Cocks, Fanny Kate (1875–1954)

by Marie Mune

This article was published in Australian Dictionary of Biography, Volume 8, (MUP), 1981

Fanny Kate Boadicea Cocks (1875-1954), policewoman and welfare worker, was born on 5 May 1875 at Moonta, South Australia, eldest child of Anthony Cocks, a Cornish miner, and his wife Elizabeth, née George, a schoolteacher. In 1885 the family moved to a farm near Quorn and Kate was educated at home; she taught for a year at Thomas Plains in 1900 and next year became schoolmistress and sub-matron at the Industrial School, Edwardstown.

In 1903 she entered the State Children's Council as a clerk where she was influenced by Catherine Helen Spence. In 1906, anxious to prove that women could deal with vagrant boys, Cocks was appointed as the State's first probation officer for juvenile first offenders. The job took her into the slums; she decided that prevention was better than prosecution and her work lessened the number of children on parole who were placed in institutions.

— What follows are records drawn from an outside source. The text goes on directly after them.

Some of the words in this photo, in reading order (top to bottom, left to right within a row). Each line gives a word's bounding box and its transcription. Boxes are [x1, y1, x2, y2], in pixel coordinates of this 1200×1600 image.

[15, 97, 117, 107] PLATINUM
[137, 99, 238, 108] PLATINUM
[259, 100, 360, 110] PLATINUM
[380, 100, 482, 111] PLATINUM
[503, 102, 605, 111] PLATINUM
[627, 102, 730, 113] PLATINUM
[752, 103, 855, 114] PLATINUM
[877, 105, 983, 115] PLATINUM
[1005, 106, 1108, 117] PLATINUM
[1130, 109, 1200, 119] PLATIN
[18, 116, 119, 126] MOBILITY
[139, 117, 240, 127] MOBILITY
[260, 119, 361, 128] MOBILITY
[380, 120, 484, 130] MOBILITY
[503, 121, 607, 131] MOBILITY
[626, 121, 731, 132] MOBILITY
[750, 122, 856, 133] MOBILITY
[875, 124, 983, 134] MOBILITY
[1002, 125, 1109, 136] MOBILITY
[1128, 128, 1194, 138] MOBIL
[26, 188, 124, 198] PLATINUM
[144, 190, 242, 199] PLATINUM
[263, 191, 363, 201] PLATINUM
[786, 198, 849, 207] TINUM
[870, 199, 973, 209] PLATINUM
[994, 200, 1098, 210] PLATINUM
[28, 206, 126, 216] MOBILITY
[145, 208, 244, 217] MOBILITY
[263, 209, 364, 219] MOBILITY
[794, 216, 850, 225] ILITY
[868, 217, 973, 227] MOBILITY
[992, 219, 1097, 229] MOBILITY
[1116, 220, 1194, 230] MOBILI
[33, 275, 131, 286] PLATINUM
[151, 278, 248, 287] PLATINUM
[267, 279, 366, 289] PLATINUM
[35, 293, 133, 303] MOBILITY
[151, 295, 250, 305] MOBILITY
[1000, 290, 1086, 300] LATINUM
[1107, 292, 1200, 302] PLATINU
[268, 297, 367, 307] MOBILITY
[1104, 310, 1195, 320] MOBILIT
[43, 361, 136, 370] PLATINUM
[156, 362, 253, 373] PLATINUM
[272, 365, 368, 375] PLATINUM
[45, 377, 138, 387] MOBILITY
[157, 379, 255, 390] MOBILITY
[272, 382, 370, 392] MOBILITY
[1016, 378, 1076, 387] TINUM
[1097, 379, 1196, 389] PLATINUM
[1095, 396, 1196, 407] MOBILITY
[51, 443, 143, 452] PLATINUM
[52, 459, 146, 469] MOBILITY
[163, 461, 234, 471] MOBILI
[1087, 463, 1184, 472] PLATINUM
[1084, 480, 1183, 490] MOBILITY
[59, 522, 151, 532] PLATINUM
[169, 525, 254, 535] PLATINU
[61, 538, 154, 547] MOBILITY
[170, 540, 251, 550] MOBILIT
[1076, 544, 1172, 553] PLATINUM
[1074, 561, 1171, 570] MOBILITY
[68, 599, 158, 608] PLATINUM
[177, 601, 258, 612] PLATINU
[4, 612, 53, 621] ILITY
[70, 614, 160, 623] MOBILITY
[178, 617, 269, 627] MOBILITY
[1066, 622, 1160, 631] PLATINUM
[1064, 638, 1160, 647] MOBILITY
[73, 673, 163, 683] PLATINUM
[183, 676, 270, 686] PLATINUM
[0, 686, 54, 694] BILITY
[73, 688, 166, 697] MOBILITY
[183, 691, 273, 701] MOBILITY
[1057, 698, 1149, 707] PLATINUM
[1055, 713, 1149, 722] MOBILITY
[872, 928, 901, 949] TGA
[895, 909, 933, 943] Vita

In December 1915 Cocks was appointed as the State's first woman police constable, concerned with female offences in the areas of adolescent sexuality and alcoholism, and the enticing for brothels of girls newly arrived from the country and overseas. She worked easily with male colleagues, and won respect and obedience from juniors in the women's branch which she headed. She combined stern efficiency with generous advice and help to needy women. Her originality, insight and kindness, especially in the Depression, led to a wealth of legends. Moral but not censorious, she never used a revolver or baton. She saw the equality of the sexes as 'a just conclusion', but believed in the sacredness of child-rearing. Her staff had to take a first-aid course which emphasized maternity care. Although slight and spare she was proficient in ju-jitsu, and once helped a woman whose husband was beating her, by tutoring her in self-defence.

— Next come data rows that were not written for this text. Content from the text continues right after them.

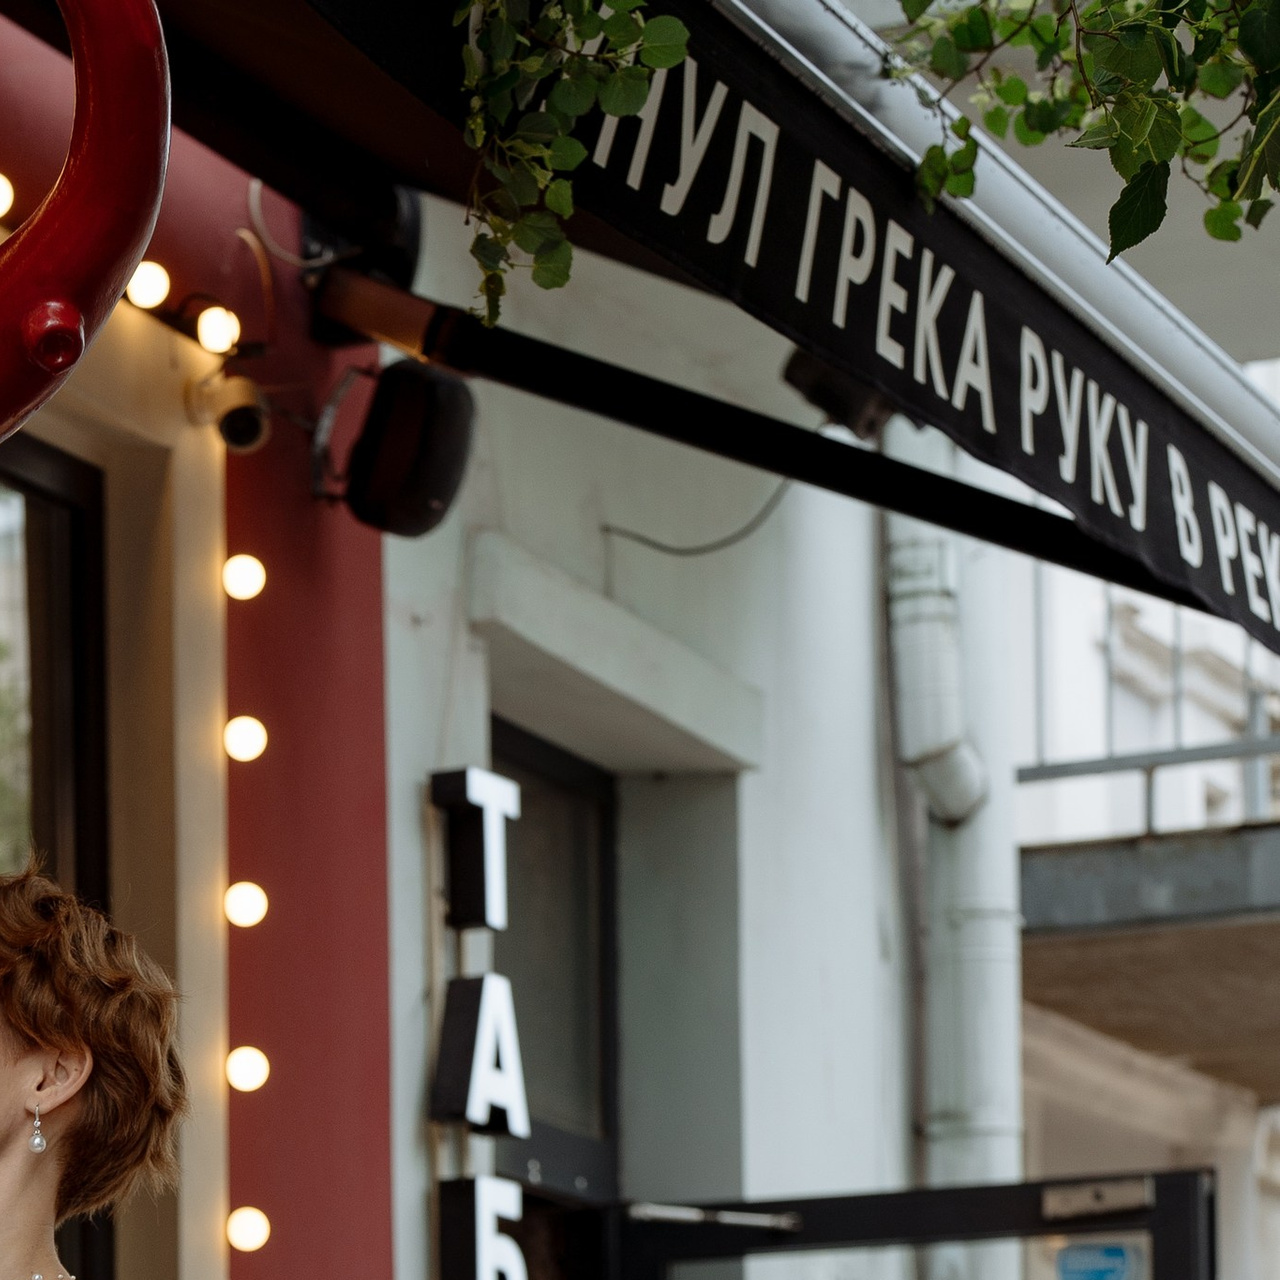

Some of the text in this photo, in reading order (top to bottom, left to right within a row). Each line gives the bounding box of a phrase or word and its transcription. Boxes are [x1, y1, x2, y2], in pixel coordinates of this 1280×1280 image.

[794, 158, 997, 434] ГРЕКА
[1021, 325, 1149, 532] РУКУ
[1167, 443, 1203, 569] В
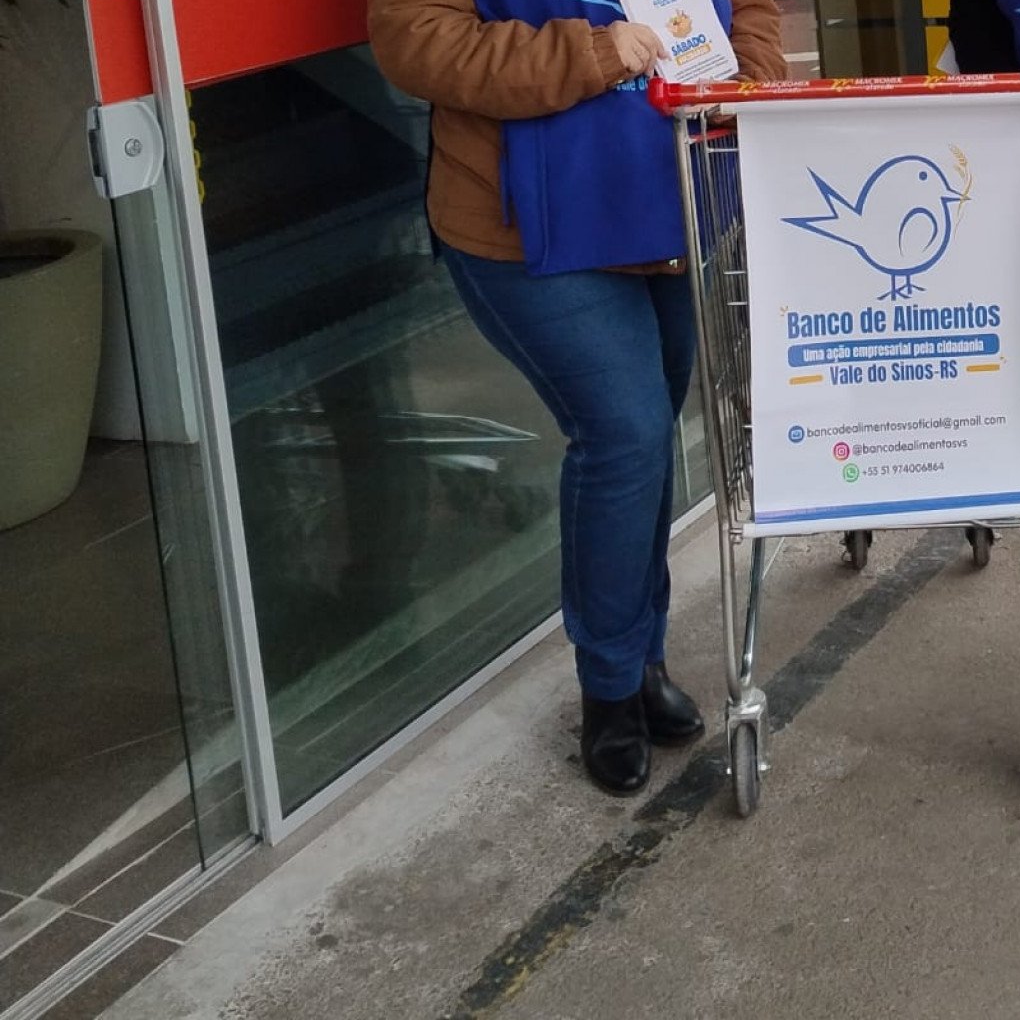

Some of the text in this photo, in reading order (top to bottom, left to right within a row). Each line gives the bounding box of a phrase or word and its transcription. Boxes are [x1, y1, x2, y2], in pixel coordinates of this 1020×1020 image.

[787, 302, 1001, 339] Banco de Alimentos
[803, 338, 984, 362] Uma ação empresarial pela cidadania
[829, 359, 958, 386] Vale do Sinos-RS
[806, 416, 1006, 438] bancodealimentosvsoficial@gmail.com
[853, 438, 968, 456] @bancodealimentosvs
[880, 465, 890, 475] 51

In 1935 Cocks retired to nurse her dying mother and, already a justice of the peace, was appointed M.B.E. Before resigning she had cared for homeless girls in her house. In April her speech on the problem persuaded the Methodist Women's Home Mission Association to rent a cottage behind her home. That year she became voluntary superintendent of the Methodist Women's Welfare Department and served till 1951. In 1936 a property at Brighton was bought as a refuge for unmarried girls and their newly born babies and other infants needing care. Cocks found fulfilment in this work, moving to Brighton in 1937 to superintend the home. She gave and demanded much and restored people's self-esteem, but her intellectual and organizational ability is often obscured by stories of her kindness and strong religious faith. She died on 20 August 1954 and was buried in Payneham cemetery. Her home and estate, which was valued for probate at £3344, were left to her Church and the Methodist Homes for Babies, renamed the Kate Cocks Babies' Home in 1954.  It closed in 1976 and the children were moved into cottage or foster care.

Select Bibliography

  • C. Owings, Women Police (New York, 1925)
  • L. Brown et al (eds), A Book of South Australia (Adel, 1936)
  • E. Abbott, Everybody's Friend (Adel, 1939)
  • Parliamentary Papers (South Australia), 1916 (88), 1924 (53), 1935 (53)
  • Women's World, 1 May 1925
  • Advertiser (Adelaide), 3 June 1935, 21 Aug 1954
  • Australian Christian Commonwealth, 16 Aug 1935
  • South Australian Methodist, 9 June 1950, 14 Dec 1951
  • Brighton Babies Home (manuscript, Central Methodist Mission, Adelaide)
  • C. Shapley, Miss Kate Cocks—Her Life and Work (1964, State Library of South Australia)
  • Police dockets 489, 788/1915 (Police Historical Society, Adelaide)
  • file 313 66/2, and GRG 18-90, 27-464 (State Records of South Australia).

Additional Resources

Related Entries in NCB Sites

Citation details

Marie Mune, 'Cocks, Fanny Kate (1875–1954)', Australian Dictionary of Biography, National Centre of Biography, Australian National University, http://adb.anu.edu.au/biography/cocks-fanny-kate-5705/text9645, published first in hardcopy 1981, accessed online 24 October 2018.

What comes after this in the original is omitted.